But you must be careful in forming these partnerships. There are legal aspects to consider like profit sharing, intellectual property protection, and even a plan for dissolving the partnership. These aspects should be formalized in a contract and then discussed, negotiated, and signed in writing to protect everyone involved.

In this latest episode of our Growth Strategies Masterclass, our producer and host, Alicia Butler Pierre, shares details about her behind-the-scenes work with Karen Mills. As a reminder, Karen was the lawyer featured in the last episode. She specializes in contract law, in particular teaming agreements.

The information shared in this episode is a bit unique in that Alicia actually sketches out a workflow diagram (or flowchart) as she describes her work with Karen.
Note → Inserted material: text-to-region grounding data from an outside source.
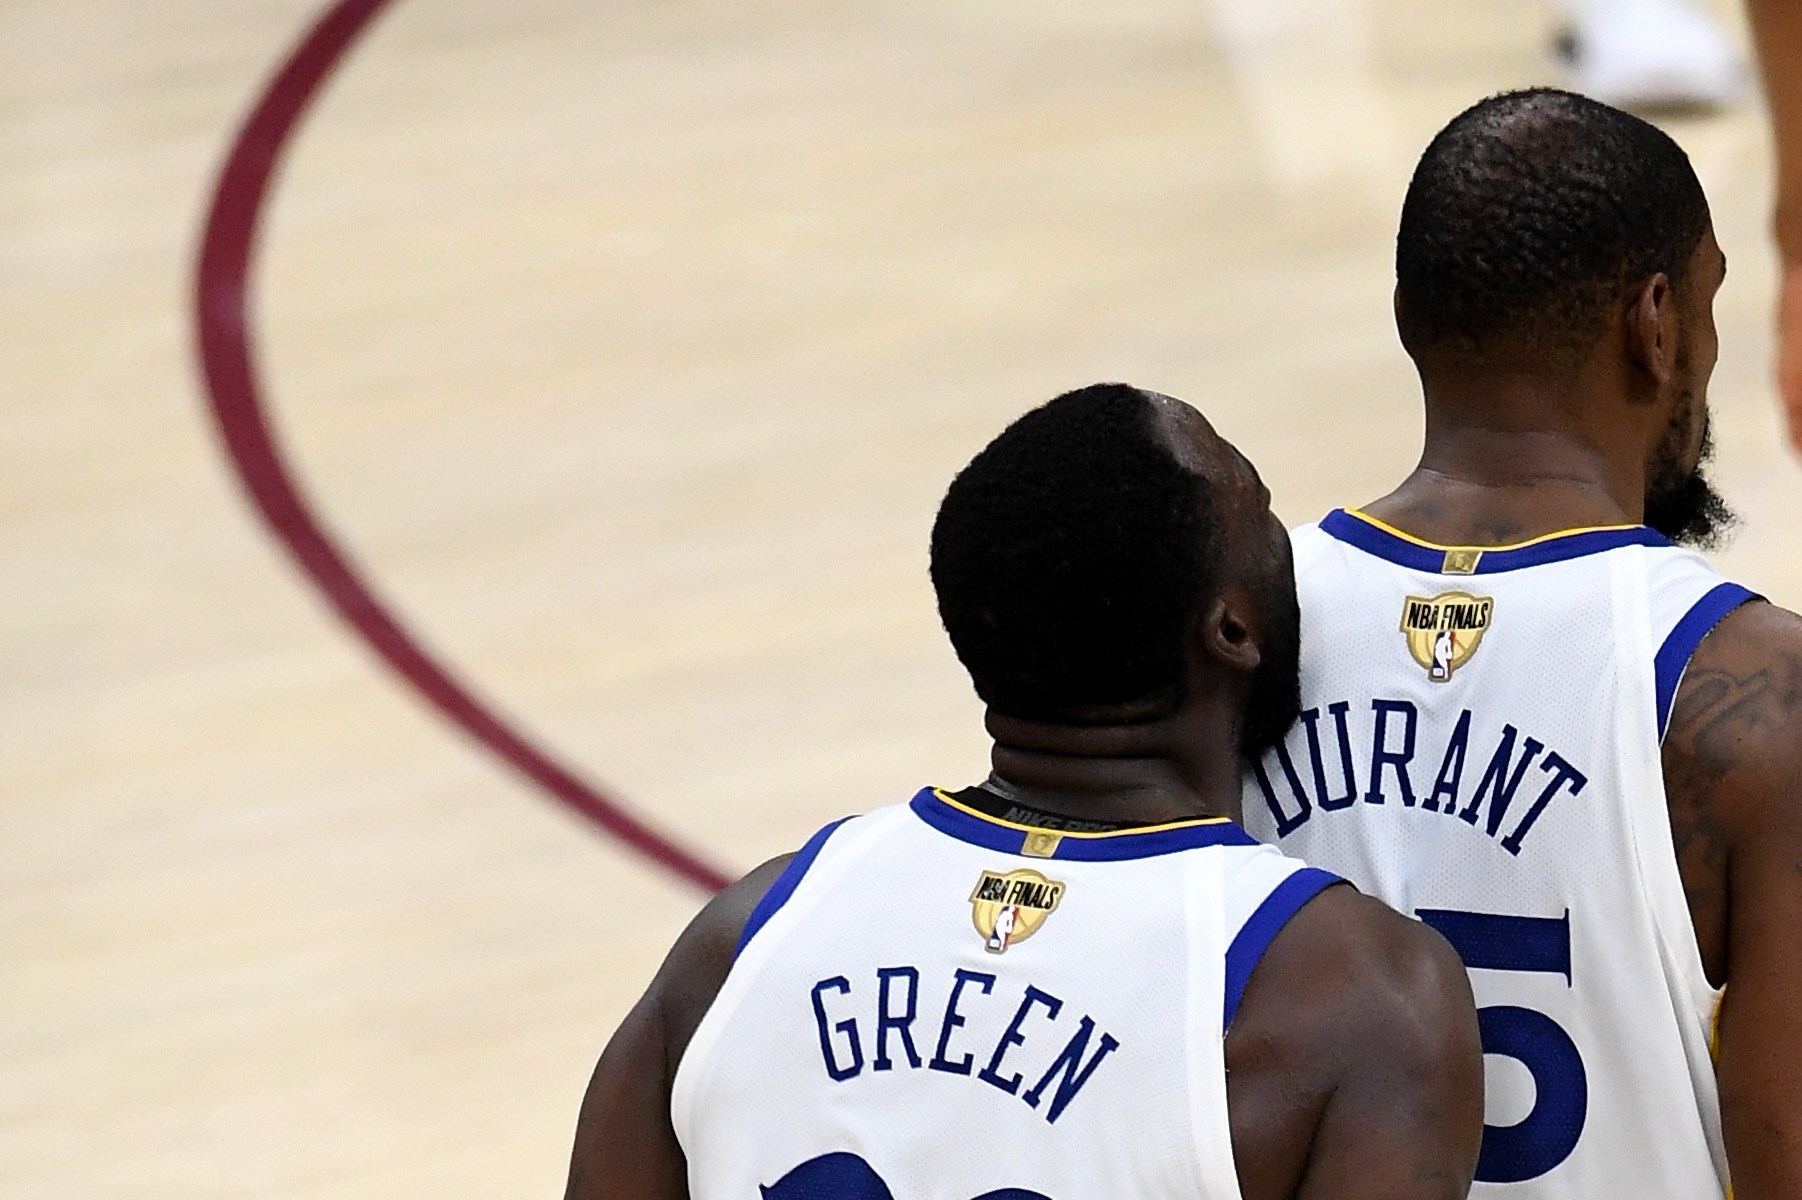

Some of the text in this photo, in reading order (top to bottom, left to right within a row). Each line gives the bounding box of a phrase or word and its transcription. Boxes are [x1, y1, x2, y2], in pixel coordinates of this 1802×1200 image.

[1407, 602, 1488, 630] NBA FINALS
[1252, 699, 1588, 857] DURANT
[976, 876, 1060, 910] NBA FINALS
[811, 966, 1119, 1125] GREEN
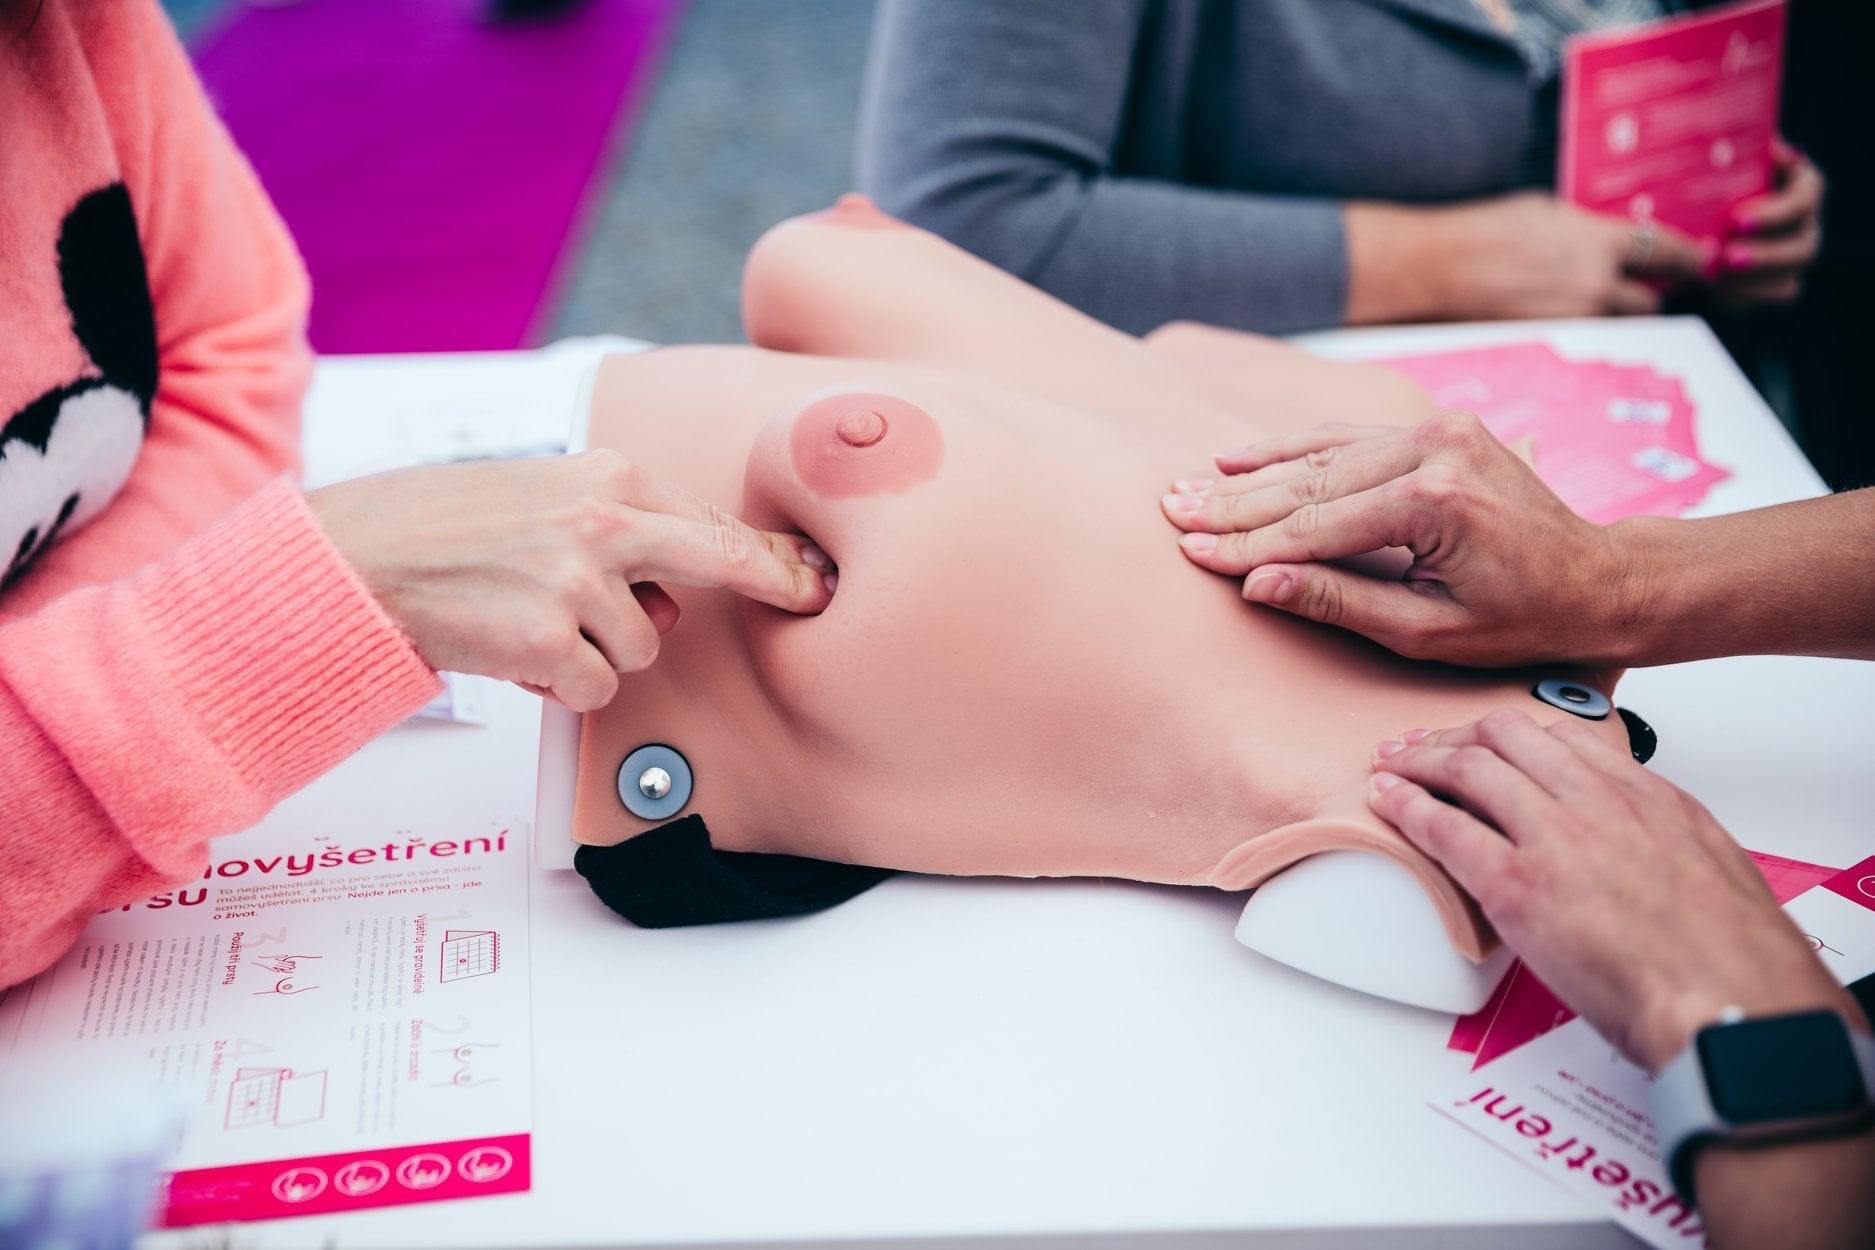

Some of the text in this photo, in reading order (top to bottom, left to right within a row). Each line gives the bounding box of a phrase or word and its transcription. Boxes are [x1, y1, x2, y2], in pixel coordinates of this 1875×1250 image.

[347, 888, 384, 899] Nejde
[387, 886, 407, 896] jen
[421, 883, 451, 893] prsa
[462, 880, 482, 890] jde
[222, 931, 244, 986] Použij tři prsty
[413, 913, 427, 995] Vyšetřuj se pravidelně
As a result, you can expect to:

  • Learn the process for drafting a teaming or partnership agreement,
  • Discover the different ways to construct a partnership agreement,
  • Gain an understanding of the various types of clauses (i.e., first right of refusal and non-disclosure) you may want to include, and
  • Walk away with a foundation required to form a strategic partnership with confidence.

Talk is cheap. Stop relying on verbal agreements 🗣️ or handshakes 🤝 to conduct business deals that make you and your business susceptible to unexpected and costly pitfalls.

Instead, protect your business and its assets through clearly written contracts as you transition from the honeymoon phase of forming a new partnership. It can be one of the best investments you make!!

Monologue By: Alicia Butler Pierre, Founder and CEO – Equilibria Inc.

Location: Atlanta, GA

Air Date: June 23, 2024

Resources

Website:

Software:

  • DocuSign: a software that provides products for organizations to manage electronic agreements with electronic signatures on different devices.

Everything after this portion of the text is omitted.